Are Incestuous Relationships Criminal?

Oh, ho! The most important question that has plagued humanity since the beginning of time…

Not really, but it’s an interesting question nonetheless, one that has been recently discussed in a Facebook group I’m in among friends I’ve known for years.

The headline that started this particular discussion, “North Carolina father and biological daughter charged with incest after having baby“, and the relevant parts of the story:

A North Carolina man and his biological daughter were arrested on incest charges after authorities learned they had a child together and lived as a “married” couple, according to local reports.

Steven Pladl, 42, and Katie Pladl, 20, who lived in Knightdale, N.C., were arrested on Jan. 27, according to WNCN-TV. Both were charged with incest, adultery, and contributing to delinquency.

According to the station, Steven and his then-wife had Katie in 1998 and she was adopted out-of-state. Several years ago, Katie reportedly used social media to reach out to her biological parents and moved into the home they lived in with their two children near Richmond, Va., in August 2016.

In November 2016, Steven and his wife legally separated, and his wife later told authorities that her husband slept in Katie’s room on the floor the month before she moved out.

Steven’s former wife told authorities that she did not know Katie and her then-husband were involved in a sexual relationship, until she read one of their children’s diary entries in May.

The woman told WTVR-TV that she found a drawing of Katie pregnant and her child wrote that her father told her to refer to Katie as her step-mom.

The woman told authorities that she confronted Steven about the relationship and he said he was the father and the pair planned to marry.

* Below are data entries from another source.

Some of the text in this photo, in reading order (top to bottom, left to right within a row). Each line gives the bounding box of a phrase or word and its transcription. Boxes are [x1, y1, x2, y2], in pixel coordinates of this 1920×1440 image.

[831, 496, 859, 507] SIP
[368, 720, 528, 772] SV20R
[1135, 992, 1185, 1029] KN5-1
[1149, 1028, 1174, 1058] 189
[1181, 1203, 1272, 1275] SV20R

Daughter who was adopted away sought her parents, and later started a sexual relationship with her biological father, got married, had a baby. Was a crime committed?

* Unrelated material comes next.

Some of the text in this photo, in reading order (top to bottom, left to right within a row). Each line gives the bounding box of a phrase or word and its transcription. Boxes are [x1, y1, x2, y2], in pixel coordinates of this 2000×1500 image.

I don’t see how but I am not a lawyer. I was even thinking I could contact Caldwell & Kearns PC. I guess criminal deffense attorneys should know better. Everyone were adults, and nobody was defrauded, kidnapped, or raped. The issue in most people’s’ minds regarding incest is the health of offspring. I’ve never looked for the research, but it makes superficial sense that children born to such closely genetic-related people should have abnormalities.

The general consensus seems to be that intentionally creating a child with major health problems is a crime against the child as they will have to deal with these their entire lives, which quite probably will be cut short.

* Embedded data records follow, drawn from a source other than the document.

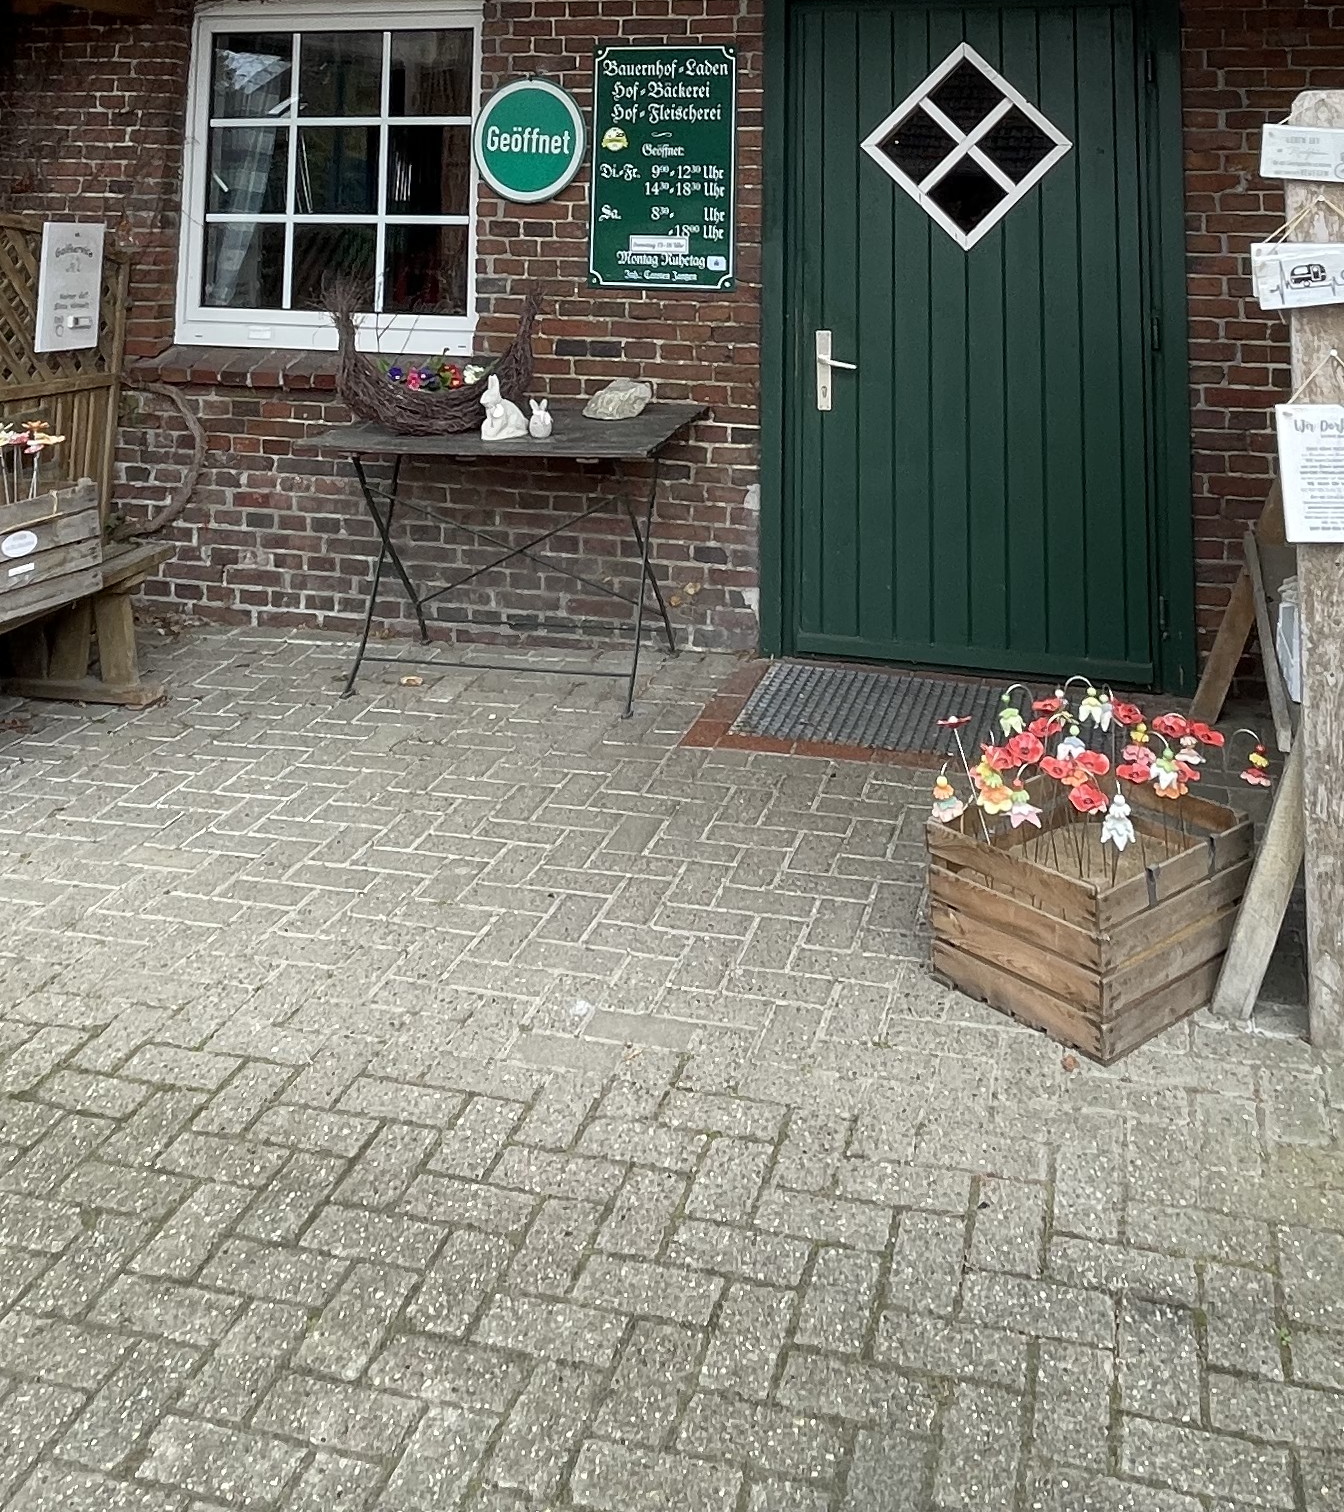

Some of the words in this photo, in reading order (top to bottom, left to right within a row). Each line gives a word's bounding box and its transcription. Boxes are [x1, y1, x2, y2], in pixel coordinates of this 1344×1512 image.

[486, 125, 571, 155] Geöffnet
[703, 165, 724, 181] Uhr
[703, 182, 725, 199] Uhr
[598, 204, 622, 222] Sa.
[703, 207, 725, 224] Uhr
[702, 225, 724, 242] Uhr
[616, 251, 659, 267] Montag

Is creating a child with abnormalities and other major health problems a crime in the libertarian sense? Remember, a crime is any action that hurts another person or their property. Is that what’s happening with incestually produced children?

It’s hard for me to say that it is. Typically, a crime requires a previous state. How else are we to know when something’s been taken, or someone’s been damaged? We must know how things were before the crime in order to know how things are after the crime, methinks.

In the case of a child being born with problems, there was no previous state. Unlike a mother who drinks too much alcohol or smokes too many cigarettes after the conception of her baby, leading to abnormalities, in the case of incestual intercourse, the baby is as it always was. It just so happened that it’s DNA was mixed in such a way as to give it abnormalities or other major health problems. The previous state was total non-existence, and the current state remains unaltered.

As it stands, consensual incest is not a crime in the libertarian sense, nor is the production of offspring with genetic issues by incestuous means. If we are to categorize it as such, then shouldn’t we also categorize non-incestuous babies with genetic issues as owed restitution? Accidents are no excuse to making other people we damage whole, after all. What other implications are there, I wonder?